Segment Start: Given records
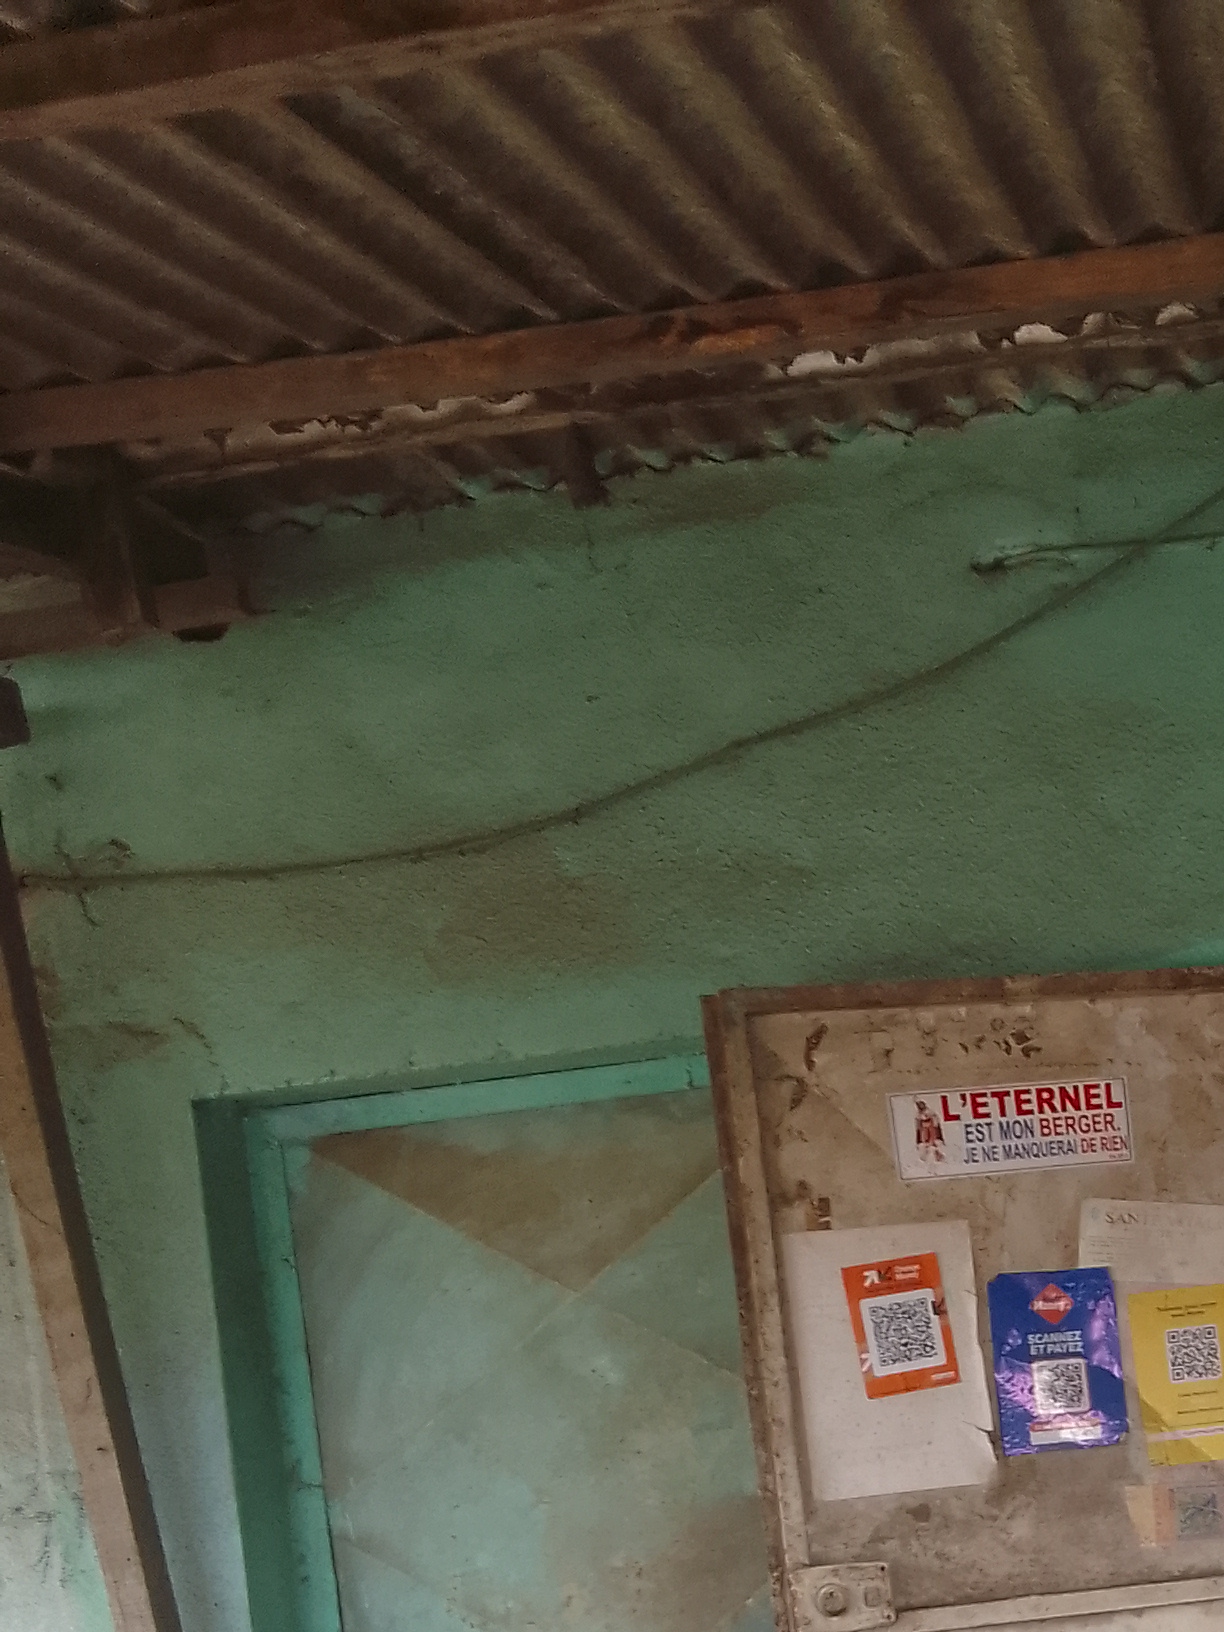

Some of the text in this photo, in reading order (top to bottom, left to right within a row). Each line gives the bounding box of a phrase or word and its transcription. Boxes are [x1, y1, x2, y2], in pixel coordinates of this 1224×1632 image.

[941, 1082, 1123, 1122] L'ETERNEL
[964, 1113, 1122, 1144] EST MON BERGER.
[963, 1135, 1128, 1164] JE NE MANQUERAI DE RIEN
[1027, 1330, 1083, 1345] SCANNEZ
[1030, 1341, 1084, 1356] ET PAYEZ
Segment End: Given records
Everything in the entries above except the pictures should be given again exactly.

Some of the text in this photo, in reading order (top to bottom, left to right within a row). Each line gives the bounding box of a phrase or word and its transcription. Boxes are [x1, y1, x2, y2], in pixel coordinates of this 1224×1632 image.

[941, 1082, 1123, 1122] L'ETERNEL
[964, 1113, 1122, 1144] EST MON BERGER.
[963, 1135, 1128, 1164] JE NE MANQUERAI DE RIEN
[1027, 1330, 1083, 1345] SCANNEZ
[1030, 1341, 1084, 1356] ET PAYEZ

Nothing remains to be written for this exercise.